The prospect of the water gushing from the Moon's interior has tantalized scientists, as that warm, vast interior ocean is thought to be one of the best places in the Solar System beyond Earth-if not the best-to look for extant life. Finally, those charged particles would interact with the surrounding magnetic field, generating fluctuations detectable by Galileo.
Besides, the recent research shows that Europa has never seized to be active, geologically speaking, at least. If the plumes' existence is confirmed - and they're linked to a subsurface ocean - studying their composition will help scientists investigate the chemical makeup of Europa's potentially habitable environment while minimizing the need to drill through layers of ice.During the nominal mission, the spacecraft will perform 45 flybys of Europa at closest-approach altitudes varying from 1700 miles to 16 miles (2700 kilometers to 25 kilometers) above the surface.
According to a study published today in the journal Nature Astronomy, the Galileo spacecraft detected what seems to be a massive water plume shooting out into space from Europa during one of its 11 flybys of Jupiter's moon conducted between 1995 and 2003.

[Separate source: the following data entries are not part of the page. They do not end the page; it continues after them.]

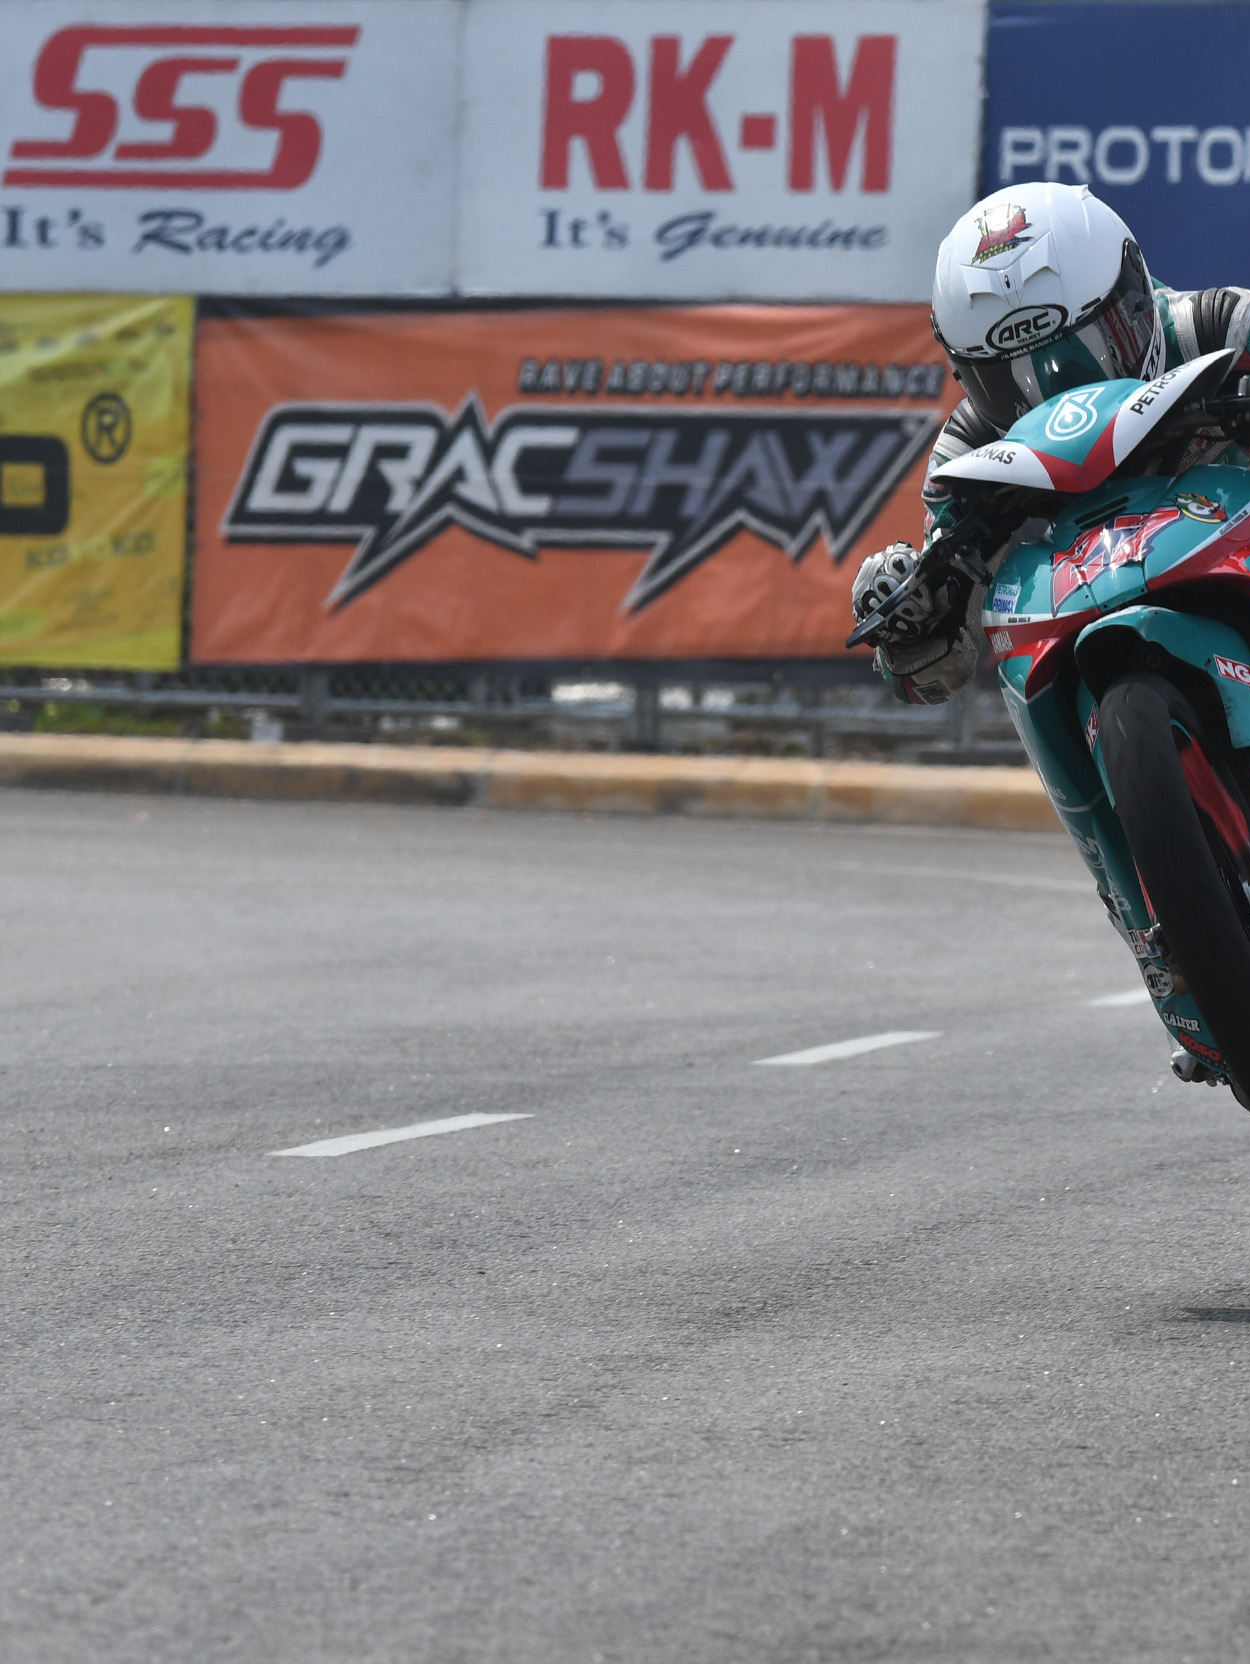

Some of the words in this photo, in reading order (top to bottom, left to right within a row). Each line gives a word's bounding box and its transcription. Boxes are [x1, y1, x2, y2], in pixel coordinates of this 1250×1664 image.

[2, 23, 362, 191] SSS
[538, 34, 899, 193] RK-M
[3, 206, 105, 250] It's
[132, 208, 352, 269] Racing
[540, 208, 628, 251] It's
[653, 209, 891, 263] Genuine
[998, 310, 1051, 345] ARC
[519, 358, 598, 395] RAVE
[606, 360, 708, 396] ABOUT
[713, 362, 945, 398] PERFORMANCE
[225, 395, 935, 575] GRACSHAW

Even though the latest findings of water plumes on Europa are not at all unassailable, the researchers are optimistic that their model will help the upcoming missions to Europa, namely, the ESA's JUICE mission and the NASA's Europa Clipper, both of which are created to determine, once and for all, if the icy moon of Jupiter has the right conditions to house life.
The new data, reported in the scientific journal Nature Astronomy, was examined by a team led by the University of MI.
The potential existence of water captured the interest of scientists as it could mean the moon is able to support life.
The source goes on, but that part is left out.